The ex-White House ethics chief, University of Minnesota law professor Richard Painter, shared a recent City Pages story about the Chilean copper conglomerate Antofagasta's plans to build a sulfide-ore mine in Minnesota's Rainy River watershed, which drains into the protected Boundary Waters wilderness area.
Antofagasta is owned by Chilean businessman Andrónico Luksic, who bought a $5.5 million mansion in Washington, D.C., shortly after Donald Trump won the 2016 presidential election. Luksic now rents that Kalorama neighorhood home to the president's daughter Ivanka Trump and her husband Jared Kushner for $15,000 per month, according to The Wall Street Journal.
Painter began arguing against the proposed mine in December 2017, when The Journal reported that the Trump administration reversed an Obama-era decision that blocked a plan by Luksic's company to build a copper and nickel mine near the Minnesota wilderness area. He resurfaced that story on Twitter Saturday and commented, "What a scam. Politicians who support sulfide mining near our waterways should be voted OUT!"
"Jared and Ivanka's landlord—a billionaire from Chile who rents them their mansion in D.C.—will use the Boundary Waters as his toilet," Painter also tweeted, linking to the City Pages report. "Pro-sulfide mining politicians in Minnesota and Washington are handing him the washroom key."

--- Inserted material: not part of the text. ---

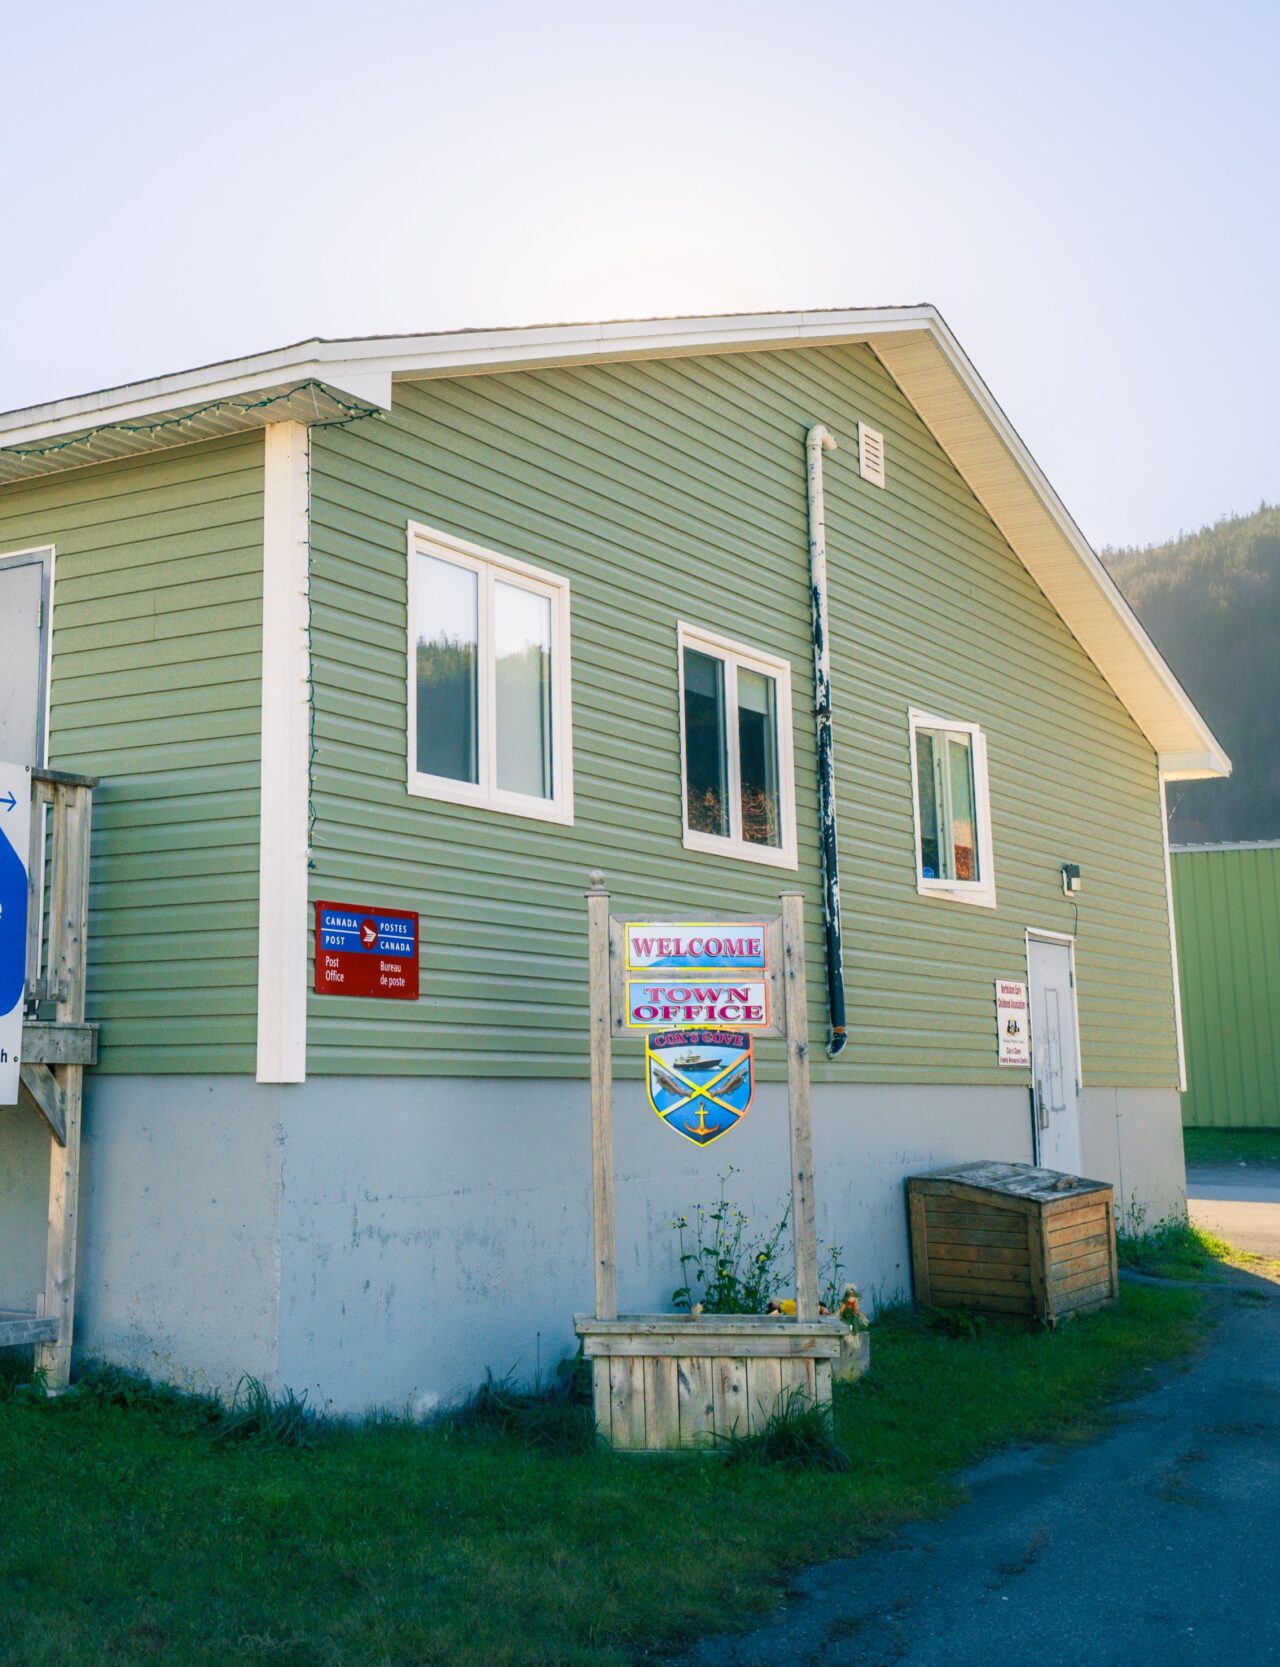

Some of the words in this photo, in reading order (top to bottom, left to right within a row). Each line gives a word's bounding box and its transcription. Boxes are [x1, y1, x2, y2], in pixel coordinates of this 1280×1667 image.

Painter told Newsweek on Saturday he believes Luksick is "not renting a house to Jared and Ivanka to make money," but rather is "trying to influence" the president's daughter and son-in-law to treat his mine plans favorably.

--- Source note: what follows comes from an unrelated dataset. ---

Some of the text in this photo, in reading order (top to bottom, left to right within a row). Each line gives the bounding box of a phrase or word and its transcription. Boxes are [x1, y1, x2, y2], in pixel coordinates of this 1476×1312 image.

The former Bush ethics chief said Ivanka Trump had previously shown herself to be somewhat sympathetic toward environmental causes and is probably the only such voice the Republican Party had in the White House.
"This guy, he's managed to develop this relationship with Jared and Ivanka through the landlord-tenant thing," Painter said. "So I think it's more trying to buy her silence than anything else, use this relationship to ingratiate himself with them and that is a way to try to keep her from intervening on the side of clean water."

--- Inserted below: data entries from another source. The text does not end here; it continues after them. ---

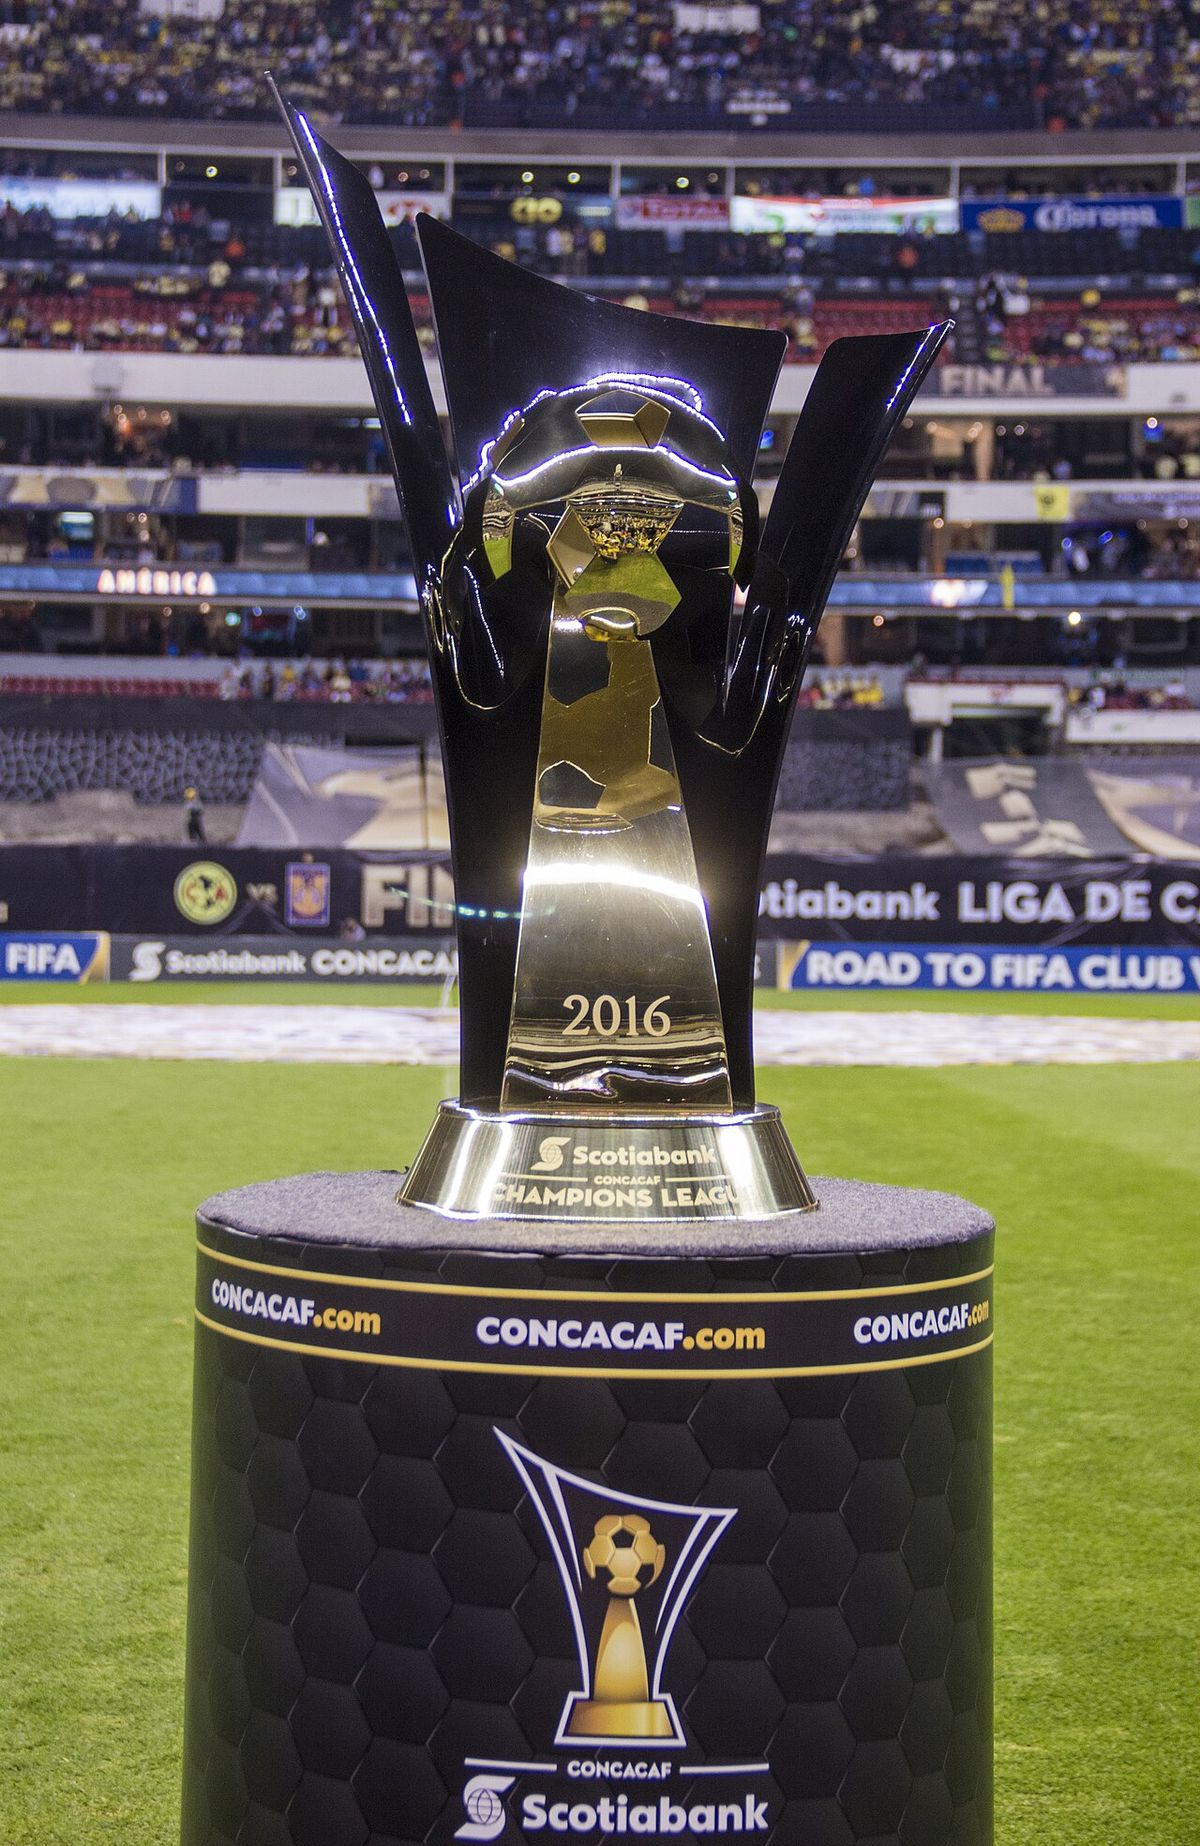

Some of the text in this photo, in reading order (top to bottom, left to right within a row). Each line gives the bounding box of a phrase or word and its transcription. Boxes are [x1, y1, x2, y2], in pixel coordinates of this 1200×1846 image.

[1034, 200, 1160, 232] Corona
[941, 366, 1055, 394] FINAL
[958, 880, 1076, 923] LIGA
[1083, 879, 1152, 922] DE
[1159, 880, 1200, 924] C
[5, 942, 81, 974] FIFA
[165, 949, 306, 974] Scotiabank
[806, 950, 921, 985] ROAD
[924, 952, 986, 987] TO
[991, 953, 1075, 988] FIFA
[1078, 954, 1185, 990] CLUB
[562, 994, 671, 1037] 2016
[572, 1145, 717, 1166] Scotiabank
[593, 1174, 661, 1186] CONCACAF
[660, 1183, 742, 1208] LEAGU
[211, 1278, 381, 1335] CONCACAF.com
[853, 1299, 990, 1344] CONCACAF.com
[475, 1316, 766, 1350] CONCACAF.com
[567, 1760, 672, 1779] CONCACAF
[522, 1794, 769, 1832] Scotiabank

Copper is found in rocks bearing sulfur, unlike traditional iron ore mining. Water runoff from pulverized copper ore produces sulfuric acid, a pollutant that can destroy ecosystems.
Painter said he does not know if Ivanka Trump and Kushner leasing from Luksic poses a legal conflict of interest, but that the arrangement "looks bad."
"I think they have enough money they could have bought a house or rented something from somebody who wasn't trying to get things from the U.S. government," Painter said of the couple.
A lawyer for Ivanka Trump and Kushner and the White House did not immediately respond to requests for comment from Newsweek on Saturday. Representatives with Antofagasta and Quiñenco, an industrial conglomerate founded by Luksic, also did not reply to requests for comment.
In December 2017, Twin Metals Minnesota, which is running Antofagasta's mining project, said it was "pleased" with the Trump administration's reversal of Obama-era regulations. A White House official at the time told The Journal that Ivanka Turmp and Kushner "were not aware of the situation, had nothing to do with it and have never met their landlord."
Painter on Saturday called out Minnesota Senators Tina Smith and Amy Klobuchar, who is also a 2020 Democratic presidential candidate, for supporting sulfide mining in the state.
"Ask @amyklobuchar and @TinaSmithMN why they support sulfide mining and allowing Jared and Ivanka's landlord to use the Boundary Waters as his personal potty," Painter tweeted, adding that "the answer to Twin Metals" and another mining venture PolyMet "is a hard NO."
Painter told Newsweek he had not heard from either senator.
"Minnesota—the "Land of 10,000 Lakes"—will end up with 10,000 polluted lakes because too many of the politicians who run the State, including both U.S. Senators, care more about sulfide mining companies owned by corrupt foreign billionaires than they do about clean water," Painter tweeted. "Awful."